(Records contained in a dataset)

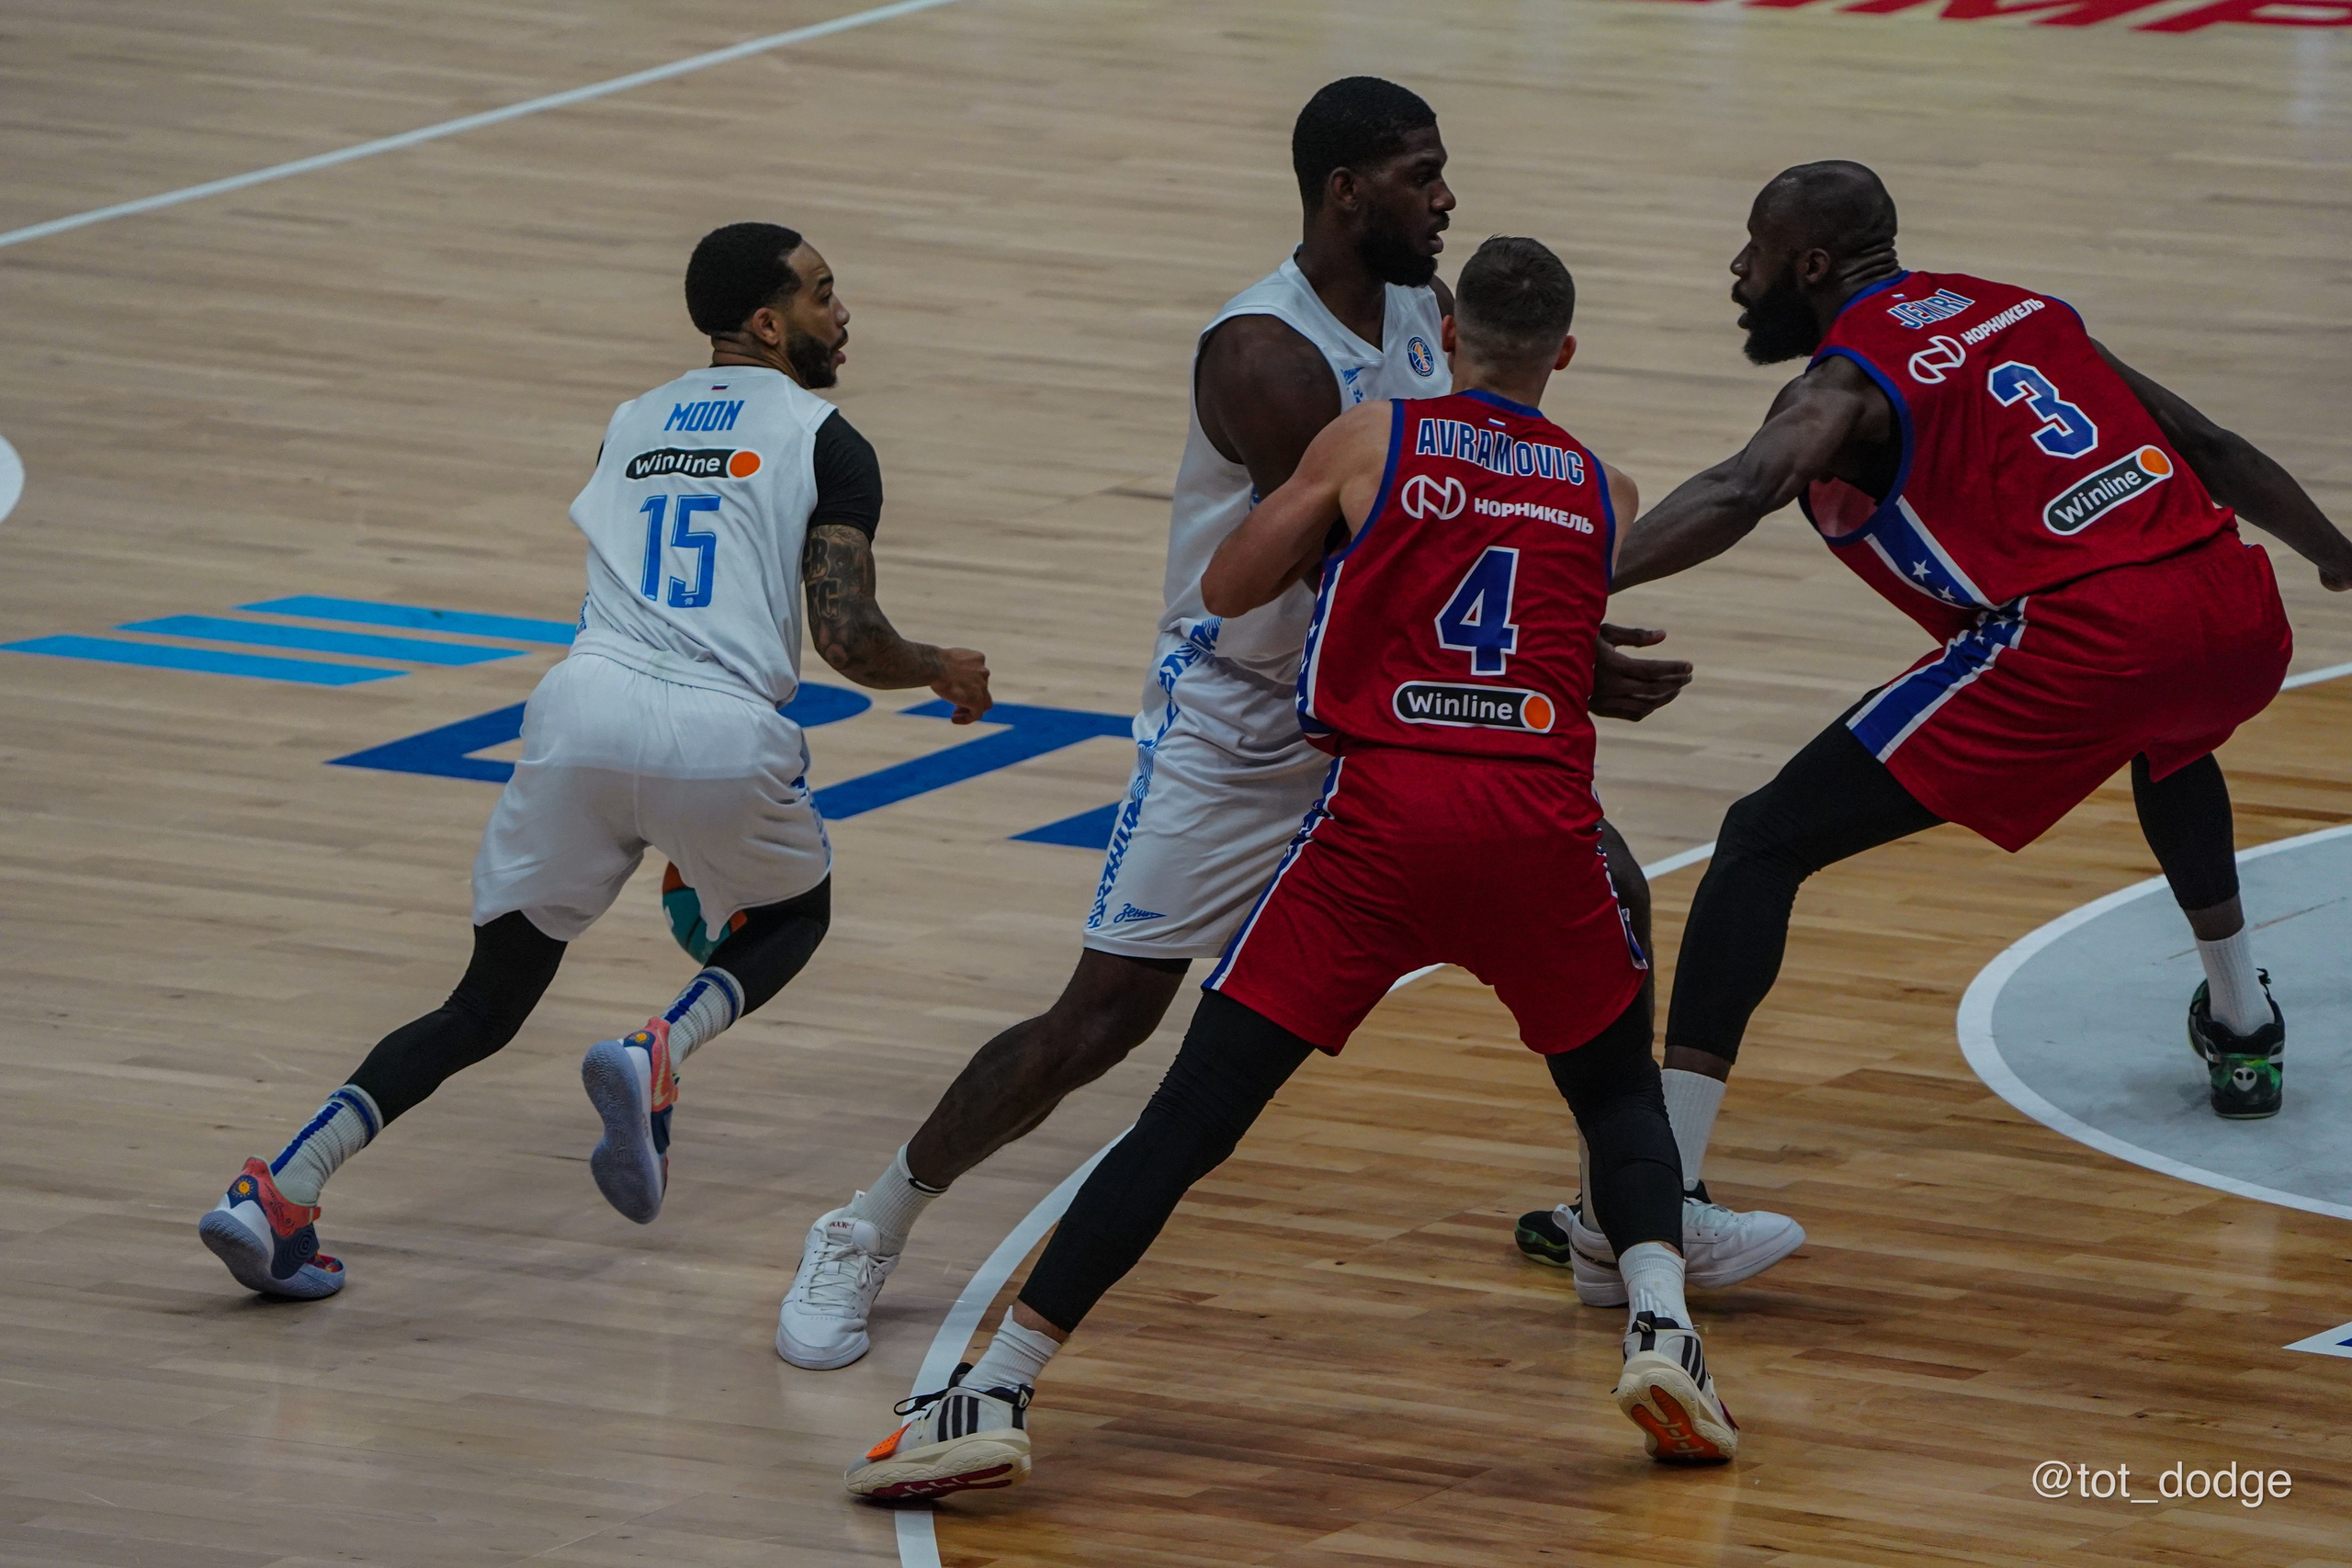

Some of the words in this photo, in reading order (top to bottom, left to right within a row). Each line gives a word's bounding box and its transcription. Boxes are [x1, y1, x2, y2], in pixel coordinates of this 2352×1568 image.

[1961, 298, 2045, 346] НОРНИКЕЛЬ
[663, 400, 745, 431] MOON
[1987, 360, 2098, 458] 3
[635, 451, 720, 476] Winline
[1416, 418, 1585, 486] AVRAMOVIC
[1474, 497, 1594, 535] НОРНИКЕЛЬ
[2054, 466, 2142, 525] Winline
[639, 494, 721, 608] 15
[1434, 545, 1520, 676] 4
[1407, 691, 1513, 720] Winline
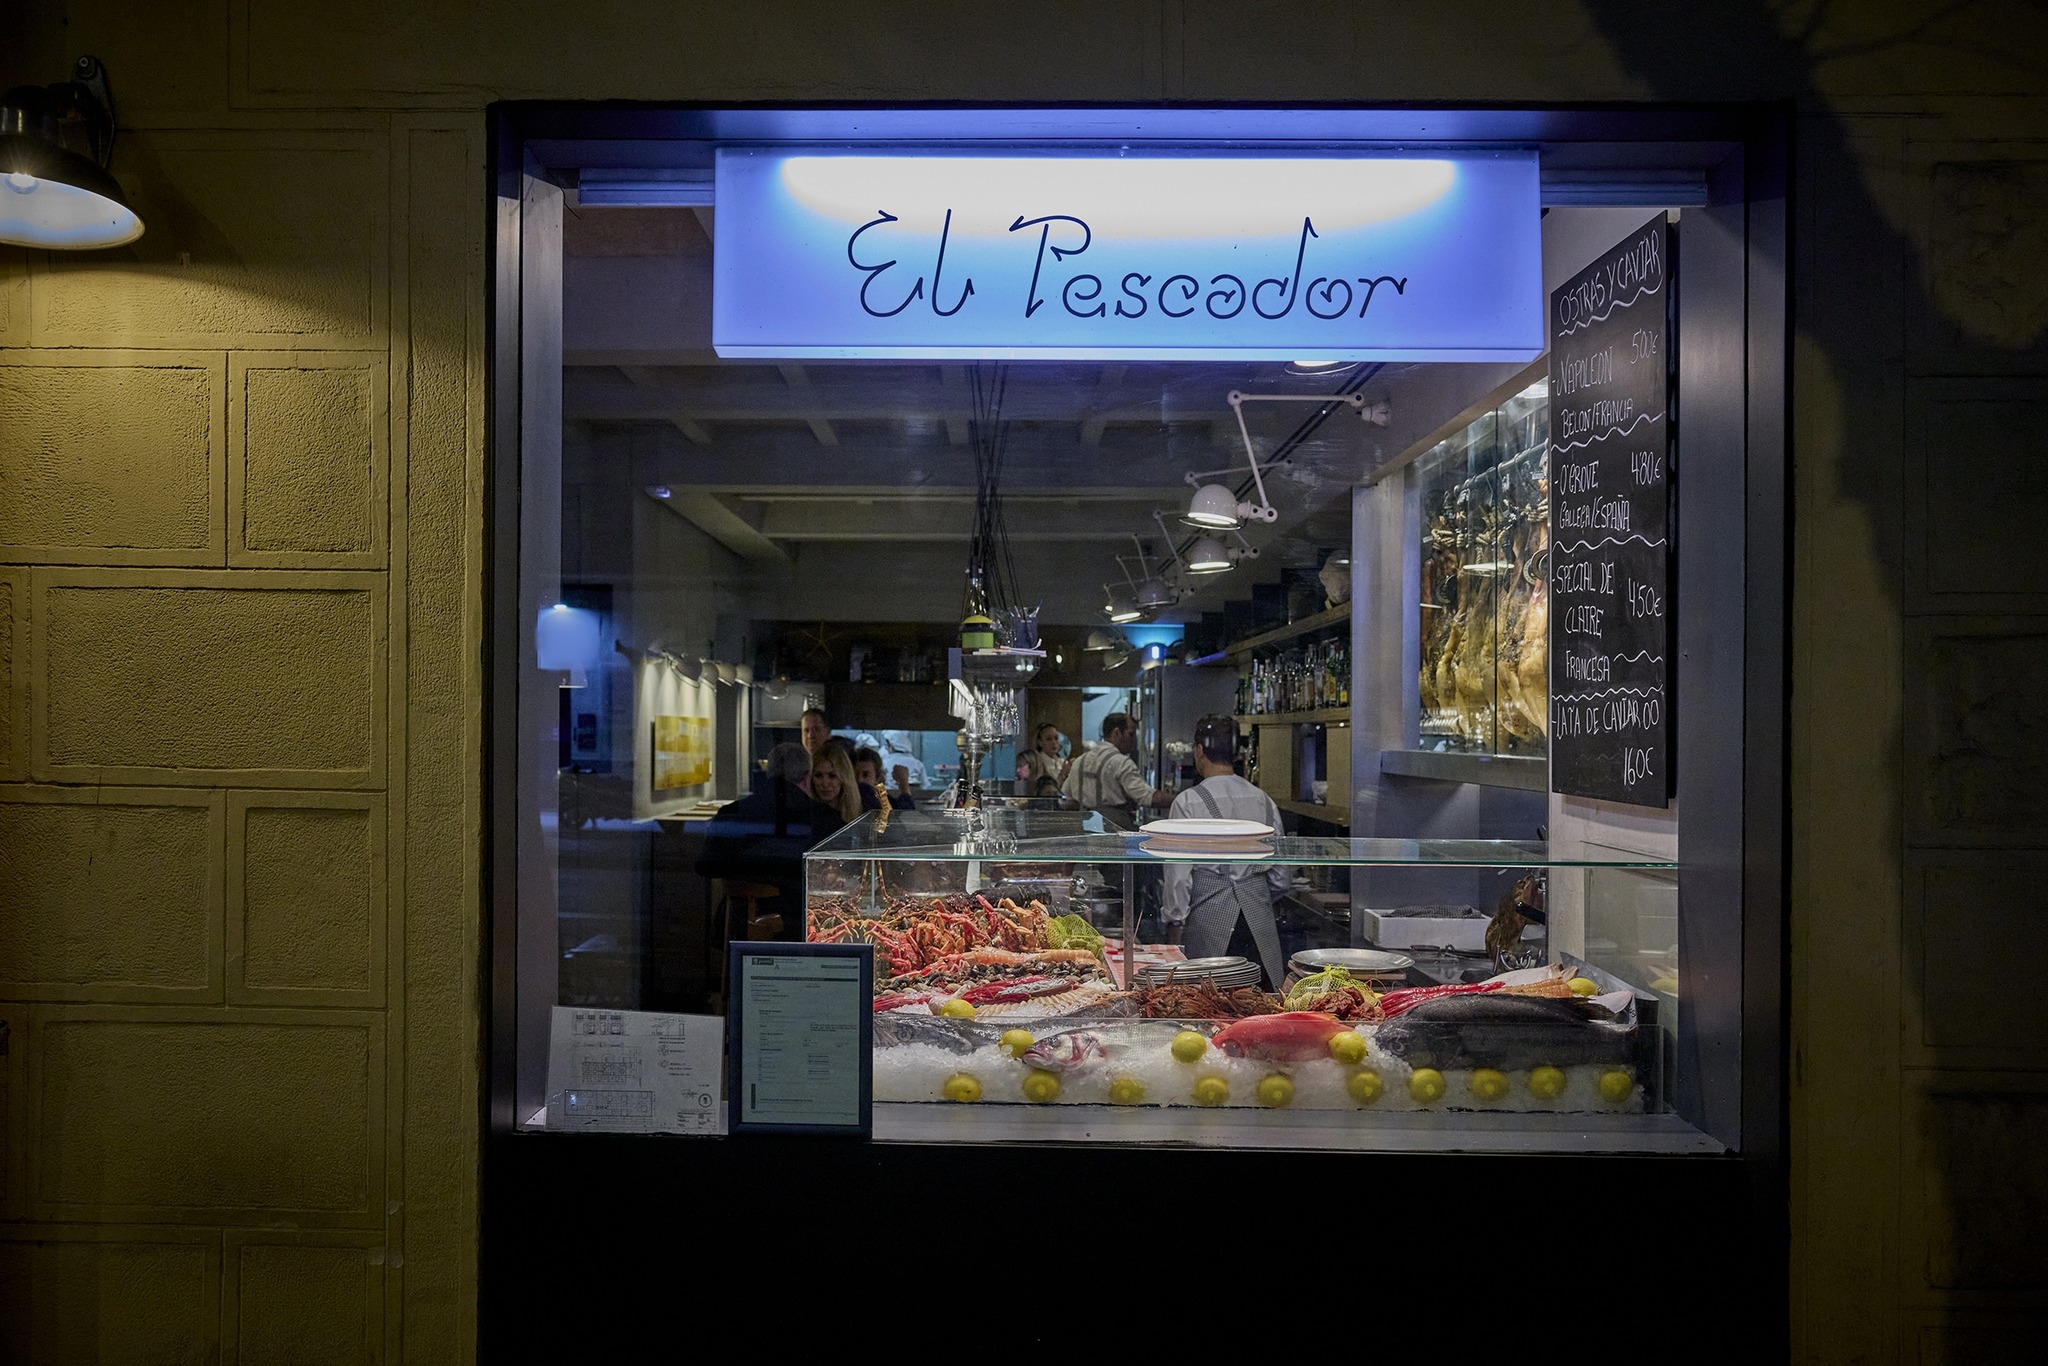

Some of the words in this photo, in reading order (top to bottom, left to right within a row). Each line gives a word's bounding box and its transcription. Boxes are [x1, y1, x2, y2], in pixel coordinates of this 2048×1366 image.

[848, 208, 976, 318] El
[1008, 214, 1409, 319] Pescador
[1559, 271, 1605, 325] OSTRAS
[1606, 263, 1616, 301] Y
[1617, 229, 1662, 290] CAVIAR
[1599, 562, 1615, 595] DE
[1564, 605, 1604, 639] CLAIRE
[1566, 650, 1610, 682] FRANCESA
[1585, 707, 1599, 735] DE
[1602, 697, 1641, 733] CAVIAR
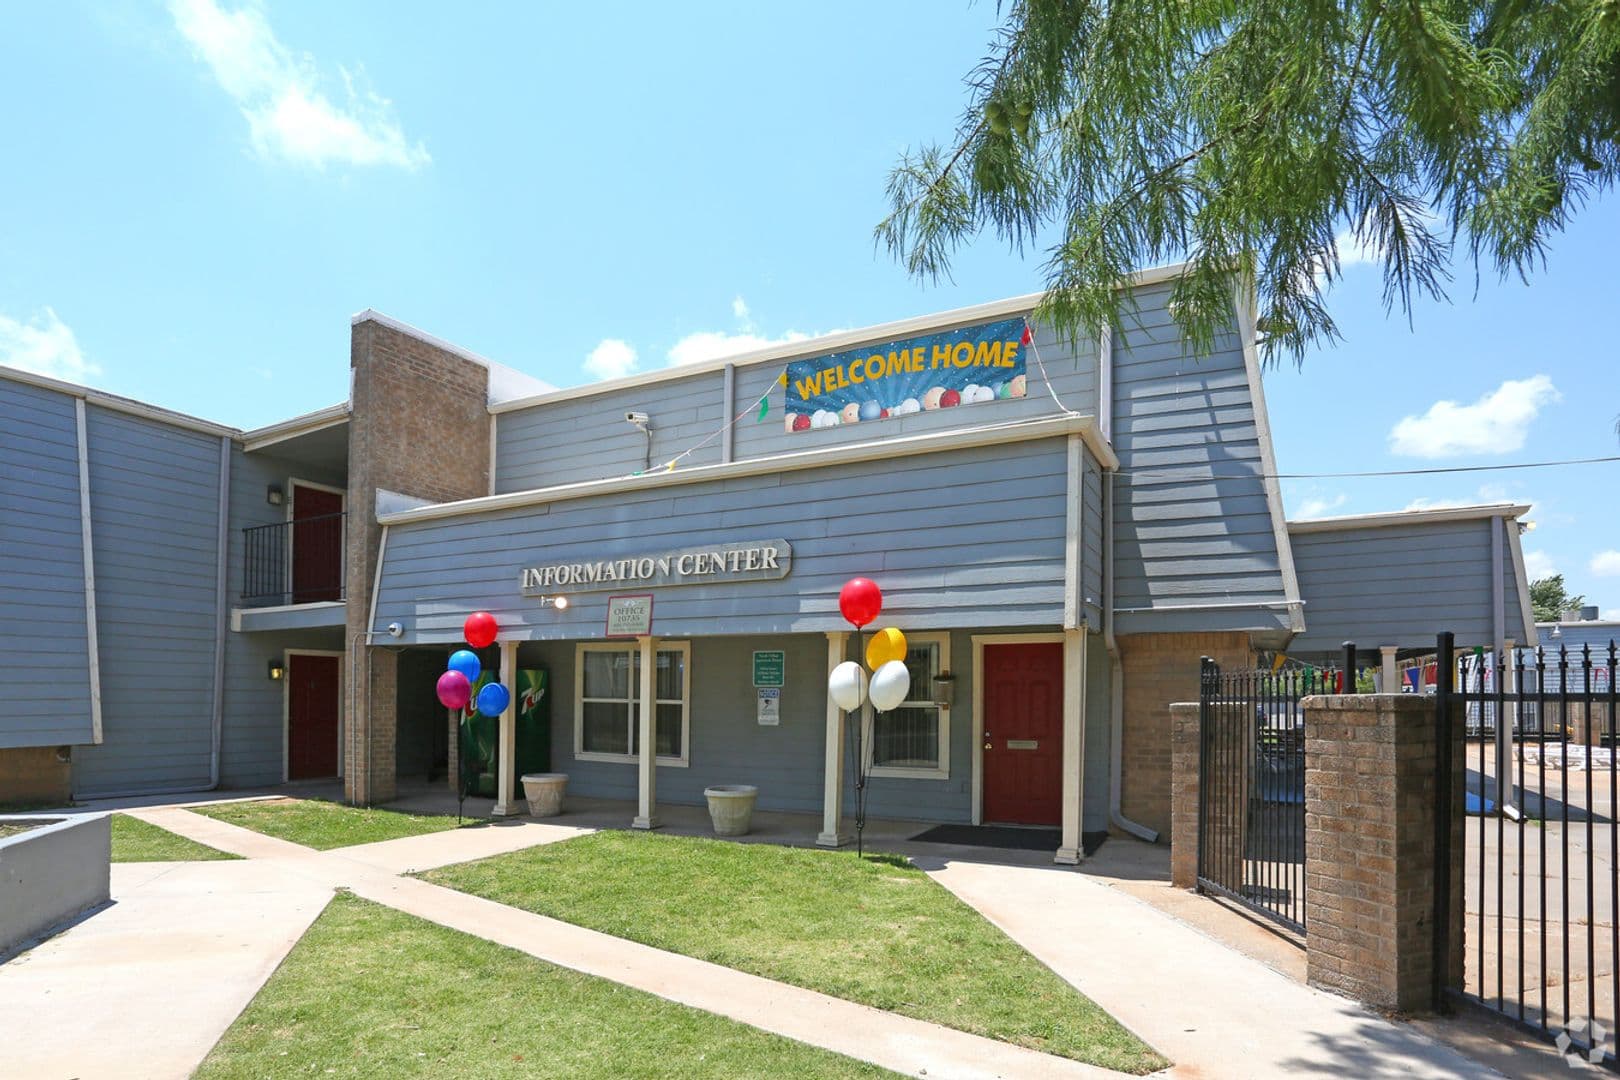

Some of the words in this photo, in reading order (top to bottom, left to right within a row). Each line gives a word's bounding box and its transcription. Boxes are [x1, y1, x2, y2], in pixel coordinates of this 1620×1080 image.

**What the task asks:**
Every entry above needs to be retyped exactly; drop the pictures.

**Result below:**
Some of the words in this photo, in reading order (top to bottom, left to right within a row). Each line gives a word's bounding box and its transcription. Boxes are [x1, y1, x2, y2], in pixel coordinates of this 2352×1568 image.

[1961, 298, 2045, 346] НОРНИКЕЛЬ
[663, 400, 745, 431] MOON
[1987, 360, 2098, 458] 3
[635, 451, 720, 476] Winline
[1416, 418, 1585, 486] AVRAMOVIC
[1474, 497, 1594, 535] НОРНИКЕЛЬ
[2054, 466, 2142, 525] Winline
[639, 494, 721, 608] 15
[1434, 545, 1520, 676] 4
[1407, 691, 1513, 720] Winline

Some of the words in this photo, in reading order (top to bottom, left to right within a row). Each line gives a word's bounding box and its transcription. Boxes are [x1, y1, x2, y2], in pixel coordinates of this 2048×1366 image.

[848, 208, 976, 318] El
[1008, 214, 1409, 319] Pescador
[1559, 271, 1605, 325] OSTRAS
[1606, 263, 1616, 301] Y
[1617, 229, 1662, 290] CAVIAR
[1599, 562, 1615, 595] DE
[1564, 605, 1604, 639] CLAIRE
[1566, 650, 1610, 682] FRANCESA
[1585, 707, 1599, 735] DE
[1602, 697, 1641, 733] CAVIAR

Some of the words in this photo, in reading order (top to bottom, left to right within a row). Each line gives a word's bounding box and its transcription. Boxes are [x1, y1, x2, y2], in pixel coordinates of this 1620×1080 image.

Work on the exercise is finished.